Bank earnings take center stage, primary mostly unaffected, but little supply; spreads tighten

By Andrea Heisinger and Paul Deckelman

New York, Oct. 15 - The new issue market for high-grade bonds emptied on Thursday after two strong days of issuance.

The void was not necessarily due to conflicting earnings announcements in the morning from two of the biggest banking names, a syndicate source said.

"I think we just ran out of supply," he said. "There was pretty heavy issuance on Tuesday and Wednesday."

Most of the week's deals were performing well in the secondary market, he said, particularly those from Tuesday, the day which had the highest volume of deals.

Among the established issues in the secondary arena on Thursday, a market source said the CDX Series 13 North American high-grade index was 1 basis point wider versus Wednesday's level, at a mid bid-asked spread level of 97 bps.

Advancing issues remained behind decliners by around a five-to-four margin for a second straight session.

Overall market activity, reflected in dollar-volume totals, rose almost 2% from Wednesday's pace.

Spreads in general were seen tighter, in line with higher Treasury yields; for instance, the yield on the benchmark 10-year note widened by 5 bps on Thursday to 3.41%

Bank earnings top day

Two of the largest banking names reported mixed earnings early in the session, but it did not seem to have much of an impact on the high-grade bond market, sources said.

"I think we were pretty much unchanged [from Wednesday] to a little weaker," a syndicate source said. "It's always hard to tell with no issues."

He added that a secondary "bid list put pressure on the market." Meanwhile the credit markets saw a slight boost from the rise in the Dow Jones Industrial Average, he said.

Citigroup Inc. reported a loss, but its third quarter was "better than expected," the source said.

And Goldman Sachs & Co. announced a profit of $3.19 billion, and "knocked the cover off the ball," he said.

There is nothing set to price on Friday, although it's possible that JPMorgan Chase & Co., Citigroup or Goldman could sell bonds now that they have come out of earnings blackout, a source said.

Other than that, issuance is expected to remain slow for the coming week.

"This week was an off week anyway, with having Monday off," the syndicate source said. "There was still a lot of supply."

Many of the deals, notably the four-tranche offering priced by Anheuser-Busch Cos. Inc., were tighter by a respectable margin in secondary trading. The brewer's longest bond was in by more than 25 basis points, with the others tightening between 10 and 15 bps, he said.

Bank of America Corp. announces its earnings on Friday, and could also possibly sell bonds.

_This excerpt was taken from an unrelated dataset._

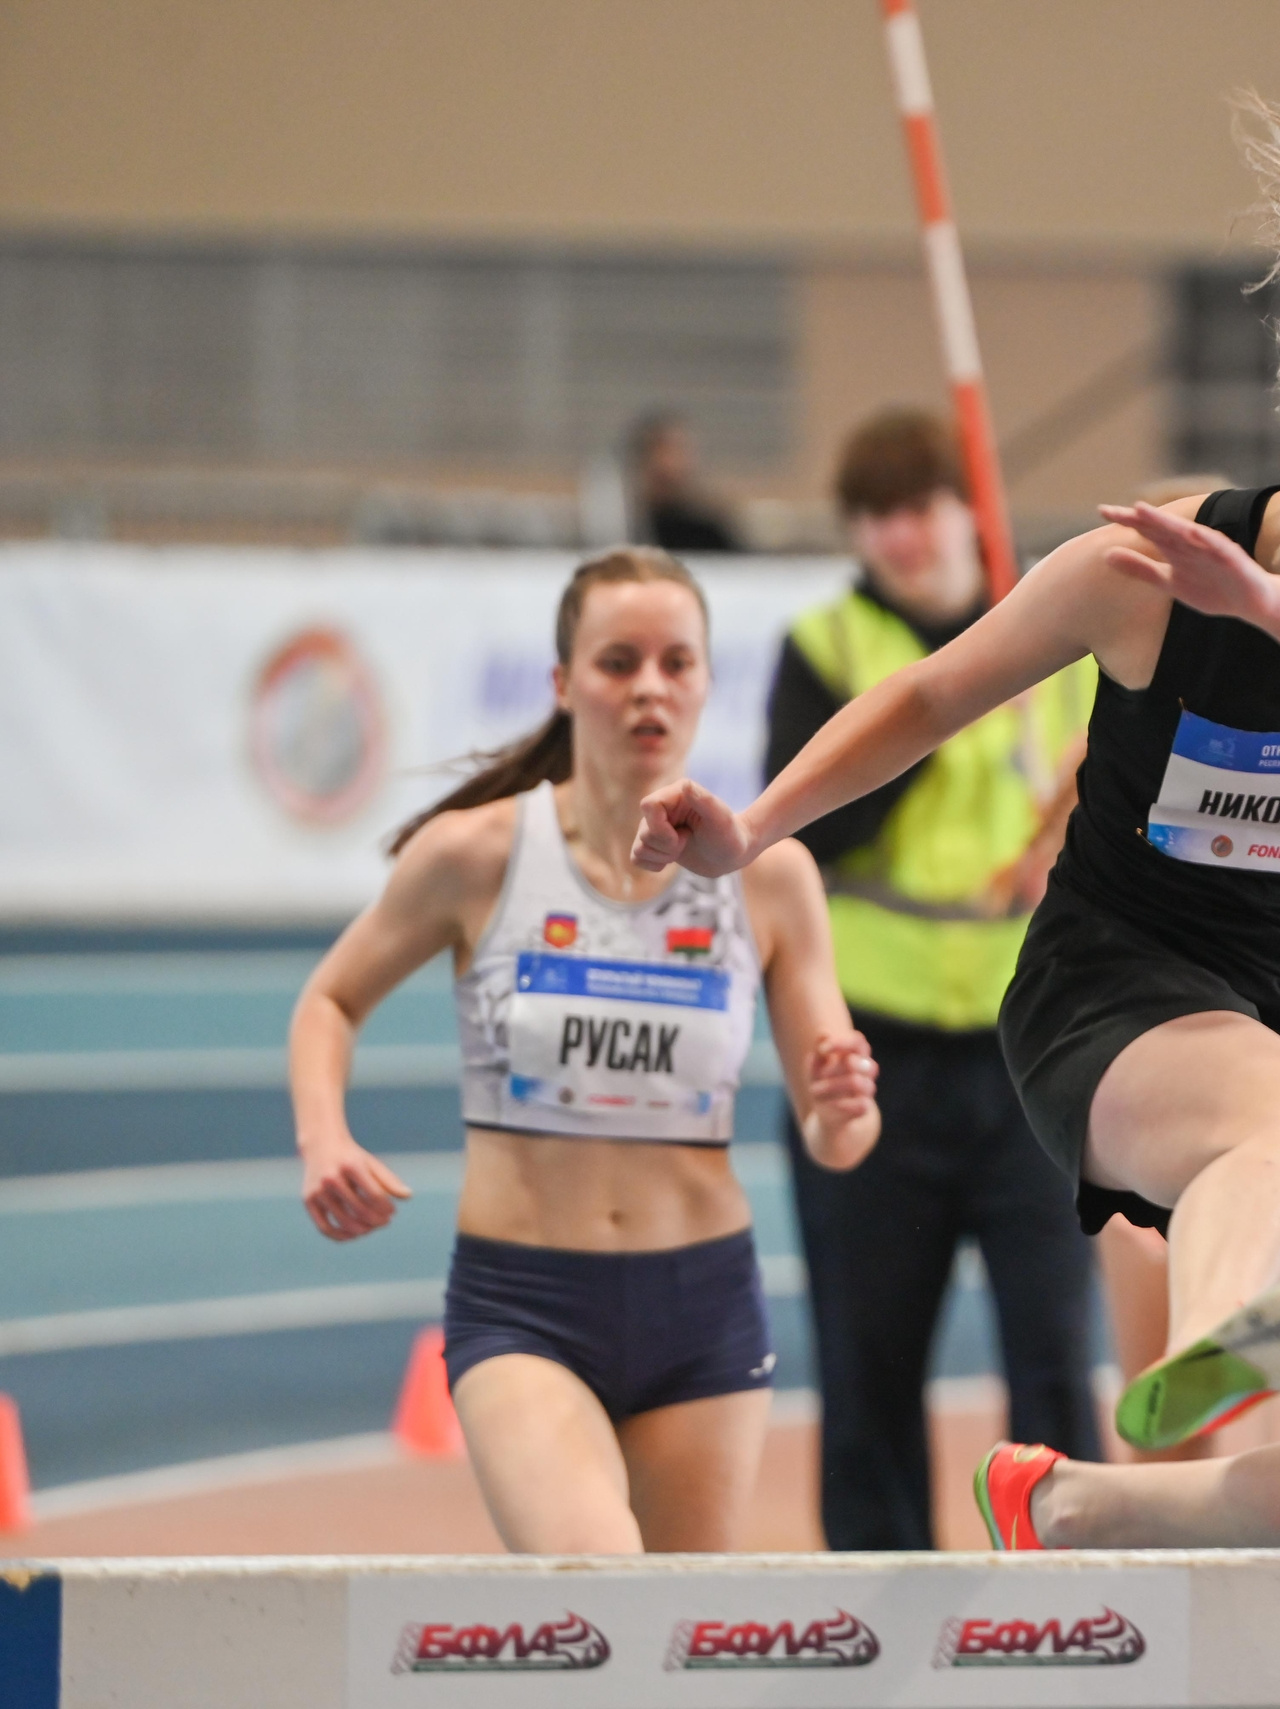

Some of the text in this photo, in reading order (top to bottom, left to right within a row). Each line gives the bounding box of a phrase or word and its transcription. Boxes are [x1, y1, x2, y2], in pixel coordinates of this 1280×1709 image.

"I would think they would wait until next week [to issue]," a source said.

Citi, Goldman slightly wider

Citigroup Inc.'s 's paper was "a little weaker," a trader said, "maybe 5 bps at the most, nothing really dramatic," following the New York-based banking giant's release of third-quarter numbers.

Unlike J.P. Morgan Chase & Co. - whose earnings for the quarter, released on Wednesday, were absolutely spectacular - Citi's were considerably less so. While it did show a $101 million net gain for the quarter excluding special items, including those charges and other items left it with a loss to stockholders of 27 cents a share, or $3.2 billion. That compares with a loss of 61 cents a share, or $2.9 billion, in the third quarter a year ago.

The trader meantime noted that another big financial name, Goldman Sachs Group Inc., released better than expected earnings, "but I guess the bar was set so high by J.P. Morgan" that investors were left unimpressed. He quoted Goldman's 7½% notes due 2019 as trading around 193 bps bid, 185 bps offered, a little wider than the 185 bps level seen earlier in the day.

Another trader agreed that there was "no great shakes" in Citi's bonds, or Goldman's, in the face of the quarterly numbers. "They were a couple of bps wider."

Earlier, "Citi was all over the place," as investors tried to figure out whether the earnings represented progress - a smaller operating loss than last year - or a deterioration. "The earnings were mixed, and there was a knee-jerk reaction."

Citi's 8½% notes due 2019 - its most active issue - "were tighter earlier in the day," narrowing to about 310 bps bid, 308 bps offered, around the same level as Wednesday, before finishing out at around 315 bps over.

A market source saw the Citi issue as the day's most actively traded high grade credit, with over $80 million traded at mid-afternoon.

The biggest mover among the Citi bonds, on a spread basis, acting pretty much the exception to the rule, was its 5% notes due 2014, quoted at one desk as having widened out nearly 30 bps to around the 385 bps area.

But another market source agreed that Citi's bonds were little moved, relatively speaking, by the numbers, seeing its 4.125% notes due 2010 perhaps 5 bps wider at 85 bps over Libor.

The source also saw Citi's 5.30% notes due 2012 10 bps wider at 285 bps over.

And he saw Goldman's bonds modestly firmer, with its 5.625% notes due 2017 6 bps tighter on the day at just over 200 bps, and its 6.25% 2017s 8 bps tighter at 185 bps over.

RBS trades tighter

A trader saw Royal Bank of Scotland's new $1.5 billion of 6.40% notes due 2019 at 287 bps bid, 284 bps offered. That was in from the 300 bps over level at which the company's paper priced on Wednesday.

However, another recently priced financial, Cantor Fitzgerald, was seen little changed from issue, with a trader quoting it at 455 bps bid, 445 bps offered, versus the 455 bps over level at which its $500 million of bonds, upsized from $250 million originally, priced on Wednesday.

New York life seen tighter

A trader said that "finally" New York Life Global Funding's $500 million offering of 2.25% notes due 2012 made an appearance in the secondary market, after there having been "no flow since they priced them."

The trader saw the New York-based insurer's bonds in an 85 bps bid, 80 bps offered context, versus the 93 bps level at which those bonds priced on Tuesday.